-- RECORDS SUPPLIED follows --

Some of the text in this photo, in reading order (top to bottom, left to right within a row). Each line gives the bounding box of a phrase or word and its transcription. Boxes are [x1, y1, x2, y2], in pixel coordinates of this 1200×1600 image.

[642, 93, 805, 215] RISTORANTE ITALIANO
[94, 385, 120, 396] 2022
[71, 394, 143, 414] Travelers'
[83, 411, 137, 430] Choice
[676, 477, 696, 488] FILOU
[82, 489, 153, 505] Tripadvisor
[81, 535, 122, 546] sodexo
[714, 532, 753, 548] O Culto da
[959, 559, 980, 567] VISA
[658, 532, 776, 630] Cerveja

-- RECORDS SUPPLIED concluded --

Extract all of the data shown above without alteration.

EXERCISE ANSWER:
Some of the text in this photo, in reading order (top to bottom, left to right within a row). Each line gives the bounding box of a phrase or word and its transcription. Boxes are [x1, y1, x2, y2], in pixel coordinates of this 1200×1600 image.

[642, 93, 805, 215] RISTORANTE ITALIANO
[94, 385, 120, 396] 2022
[71, 394, 143, 414] Travelers'
[83, 411, 137, 430] Choice
[676, 477, 696, 488] FILOU
[82, 489, 153, 505] Tripadvisor
[81, 535, 122, 546] sodexo
[714, 532, 753, 548] O Culto da
[959, 559, 980, 567] VISA
[658, 532, 776, 630] Cerveja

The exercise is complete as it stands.